───── Given data

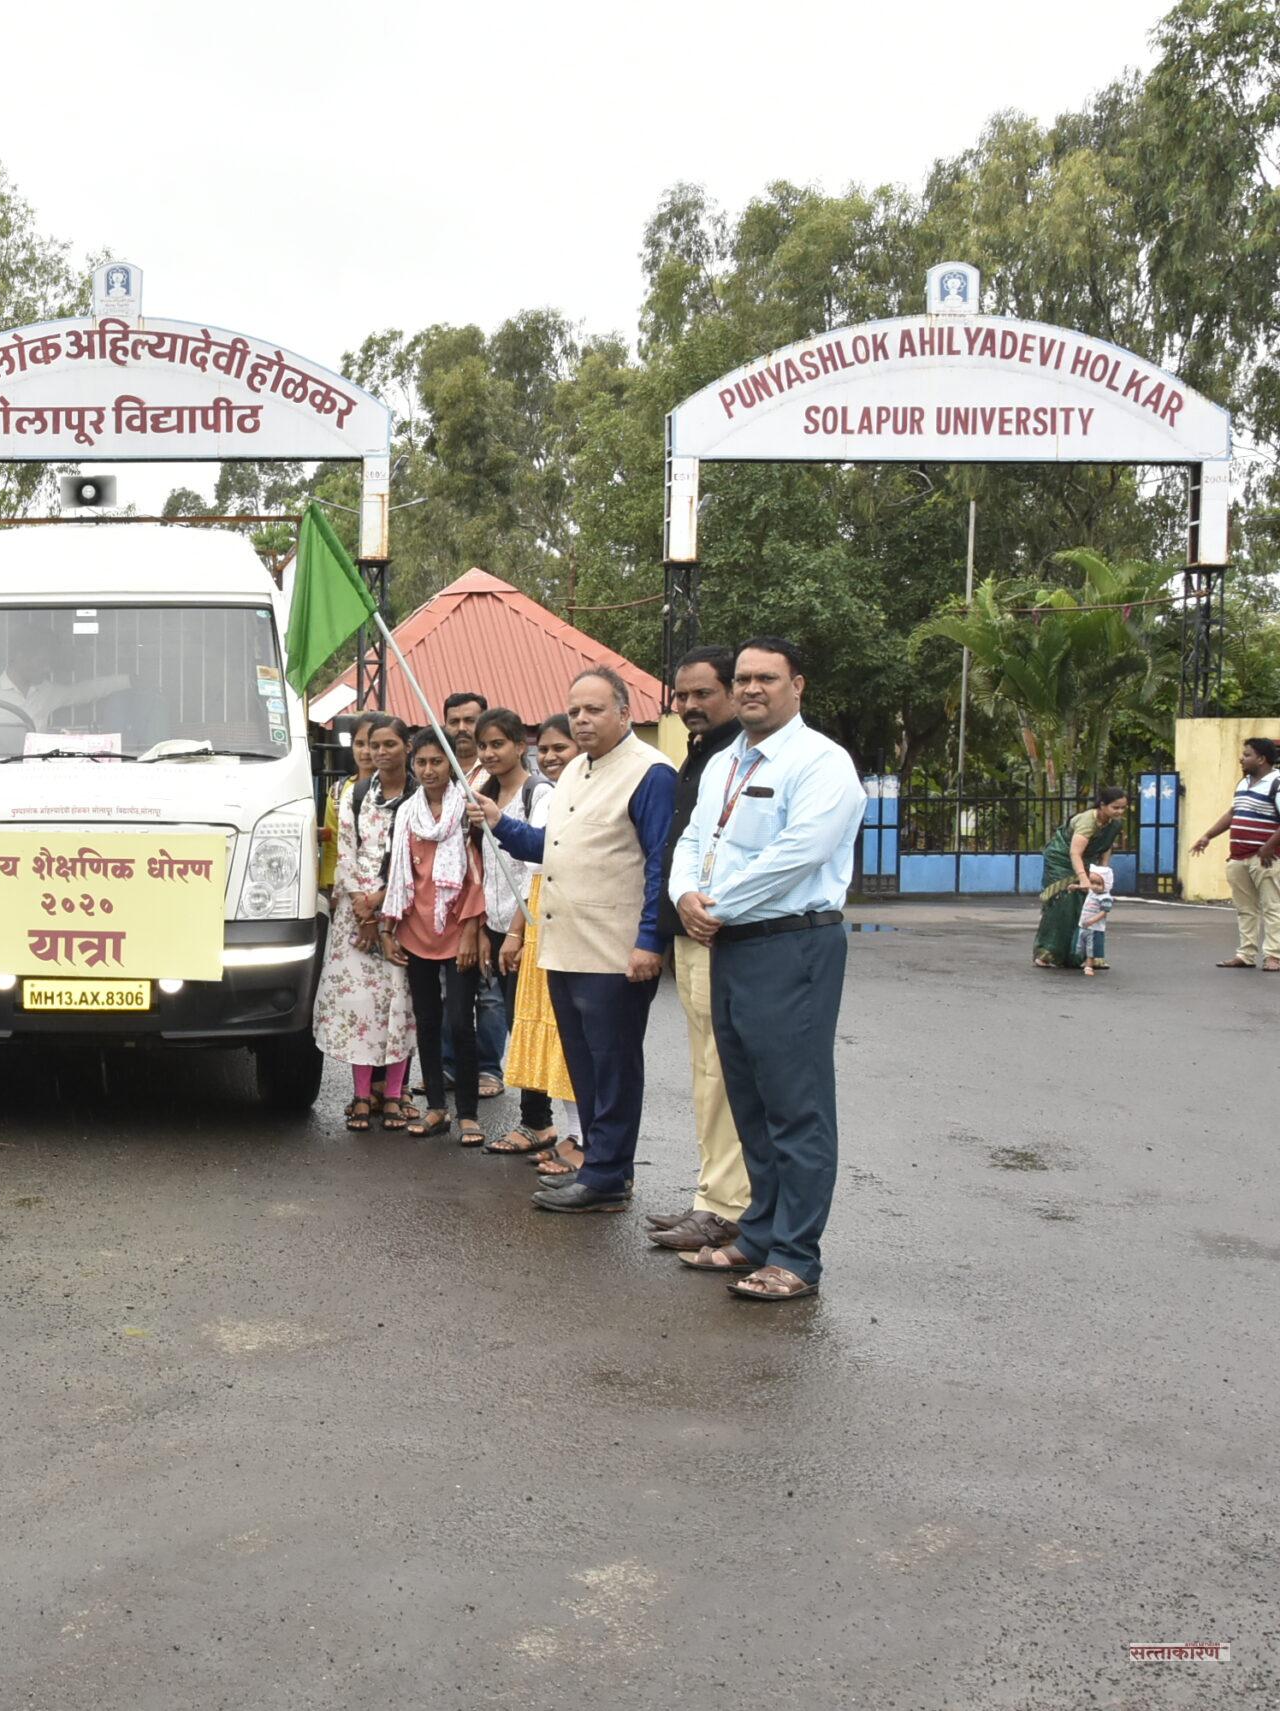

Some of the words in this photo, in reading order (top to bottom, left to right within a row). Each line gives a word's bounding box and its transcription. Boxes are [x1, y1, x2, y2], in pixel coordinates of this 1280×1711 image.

[65, 317, 251, 378] अहिल्यादेवी
[246, 350, 358, 430] होळकर
[718, 331, 890, 419] PUNYASHLOK
[898, 326, 1065, 369] AHILYADEVI
[1070, 347, 1185, 427] HOLKAR
[113, 394, 265, 434] विद्यापीठ
[803, 405, 925, 436] SOLAPUR
[935, 406, 1095, 436] UNIVERSITY
[32, 846, 136, 882] शैक्षणिक
[147, 848, 214, 882] धोरण
[40, 893, 115, 917] २०२०
[27, 929, 127, 968] यात्रा
[29, 990, 145, 1006] MH13.AX.8306

──────────

**Problem requirements**:
Please set down the data above exactly as given, leaving every picture out.

**Written response**:
Some of the words in this photo, in reading order (top to bottom, left to right within a row). Each line gives a word's bounding box and its transcription. Boxes are [x1, y1, x2, y2], in pixel coordinates of this 1280×1711 image.

[65, 317, 251, 378] अहिल्यादेवी
[246, 350, 358, 430] होळकर
[718, 331, 890, 419] PUNYASHLOK
[898, 326, 1065, 369] AHILYADEVI
[1070, 347, 1185, 427] HOLKAR
[113, 394, 265, 434] विद्यापीठ
[803, 405, 925, 436] SOLAPUR
[935, 406, 1095, 436] UNIVERSITY
[32, 846, 136, 882] शैक्षणिक
[147, 848, 214, 882] धोरण
[40, 893, 115, 917] २०२०
[27, 929, 127, 968] यात्रा
[29, 990, 145, 1006] MH13.AX.8306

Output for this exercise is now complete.